平成29年8月の社労士業務メモです。
6月下旬から始まった、合同労働組合(●●ユニオン)との団体交渉が8月上旬に終了しました。
内容は、試用期間中の雇用契約解除。
社長の業務命令に違反し続けていた試用期間中の労働者に対して、雇用契約解除の通告をしたところ、その労働者がユニオンの組合員であったために、ユニオンの担当者から団体交渉の申し入れがあり、交渉開始。

会社の目的は雇用契約解除、ユニオンの目的は雇用契約継続。経緯が経緯だけにお互いに交渉は平行線でしたが、結果としては、月給の数か月分を解決金としてユニオンに支払うことで、契約解除。

このように団体交渉ではどちらかの完勝、完敗ということはありません。妥協できるところまでの譲り合いです。これは団体交渉に限らず、労働局等でのあっせんでも同じです。

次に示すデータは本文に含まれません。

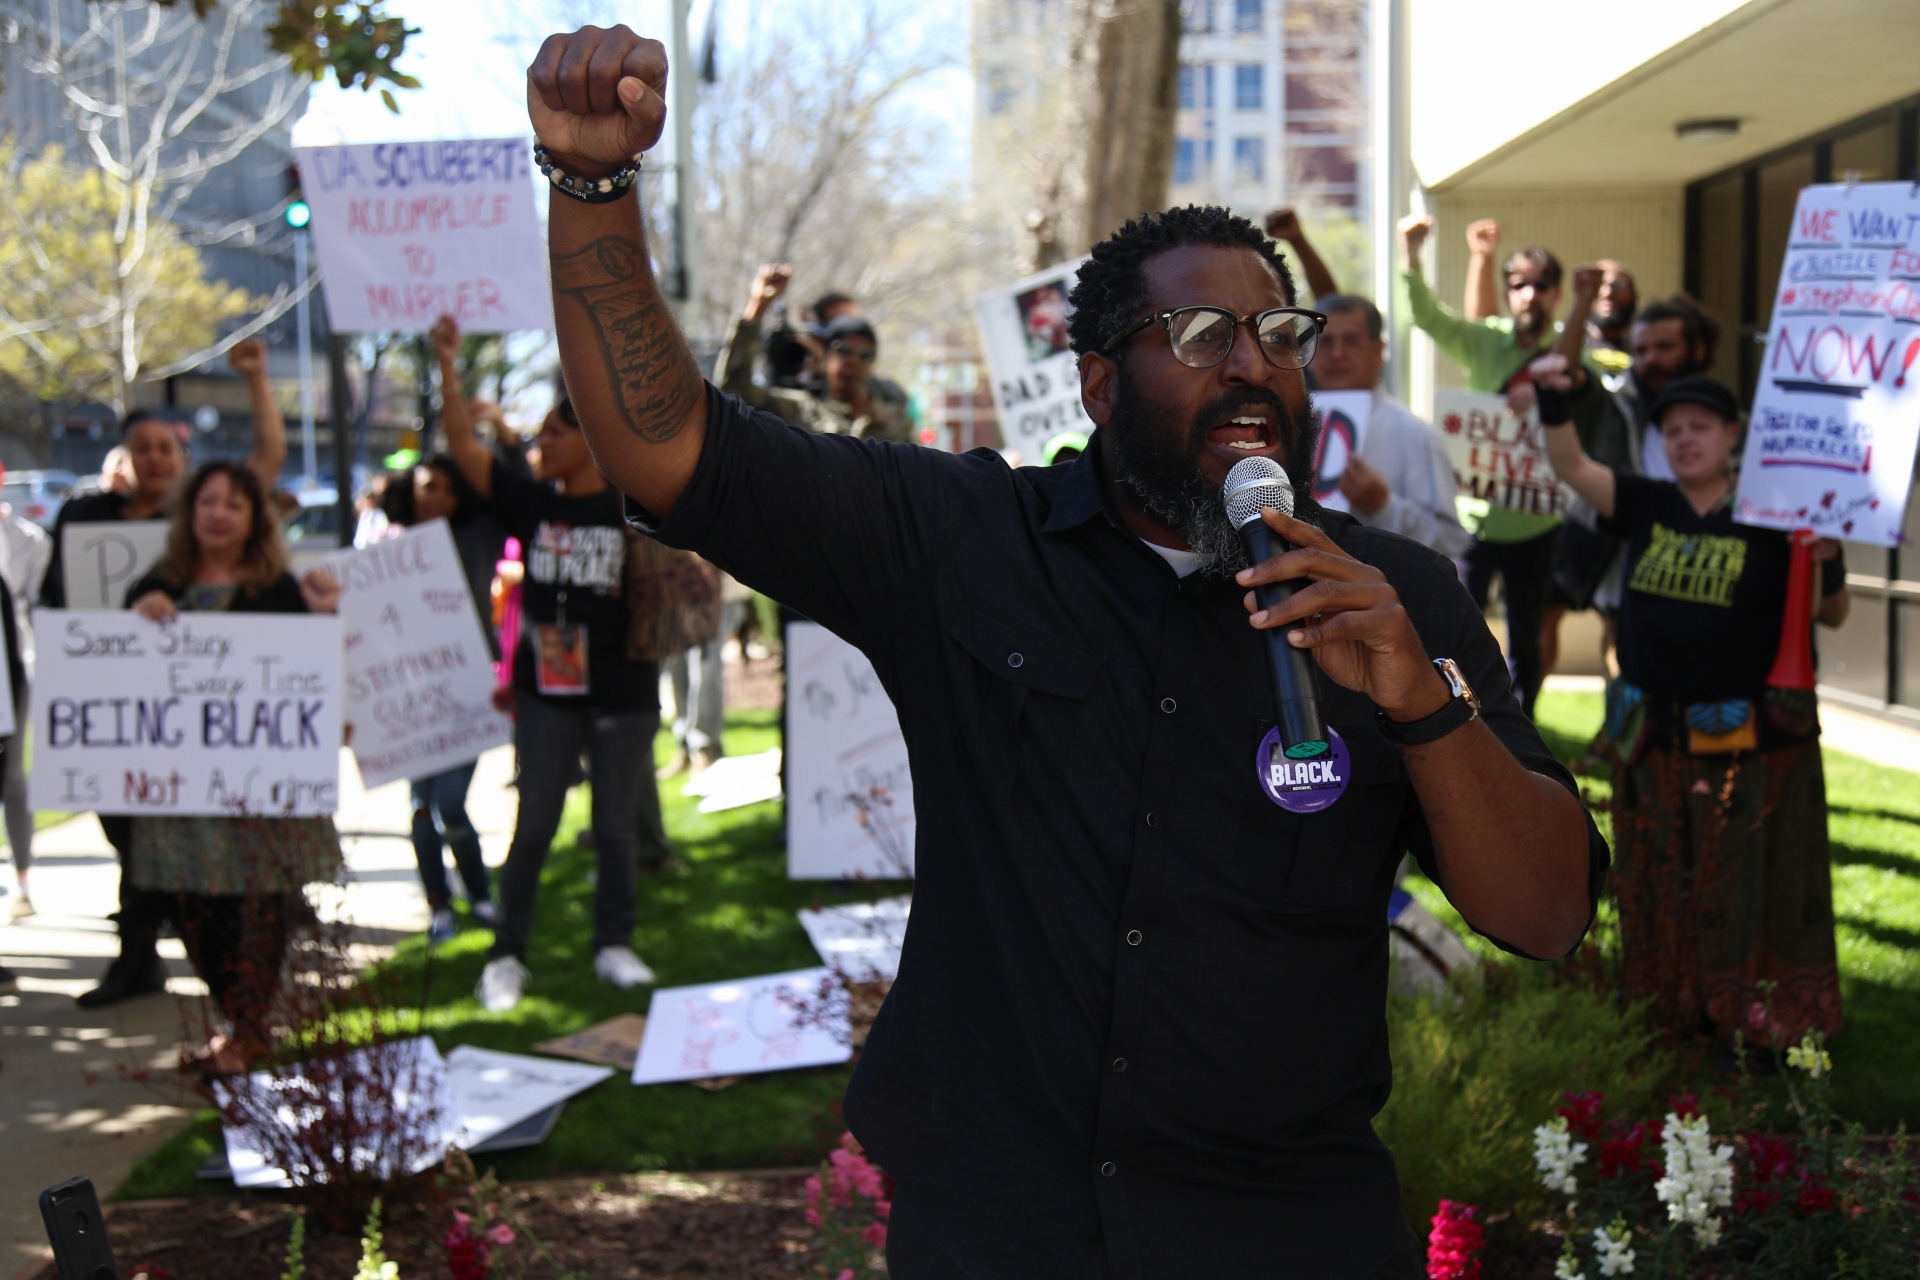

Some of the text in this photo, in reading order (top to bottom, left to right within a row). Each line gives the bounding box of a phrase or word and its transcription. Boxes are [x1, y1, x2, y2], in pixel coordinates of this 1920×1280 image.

[1800, 208, 1920, 242] WE WANT
[402, 244, 437, 278] TO
[1888, 246, 1920, 277] FO
[1771, 324, 1920, 389] NOW!
[322, 532, 441, 592] USTICE
[47, 697, 185, 748] BEING
[201, 698, 323, 748] BLACK
[59, 767, 103, 805] Is
[123, 768, 186, 806] Not
[1270, 760, 1342, 786] BLACK.

ここで、さすがユニオンだな(?)ということがあります。月給の数か月分を解決金ということにしたことです。この月給数か月分を賃金として解決したら、賃金なので会社は労働者に支払わなければなりません。しかし、解決金ということであれば、賃金ではないので労働者に支払わずにユニオンに支払えばいいのです。そしてユニオンは、会社から支払われた解決金から、経費等を差し引いた金額が労働者に支払うのでしょう。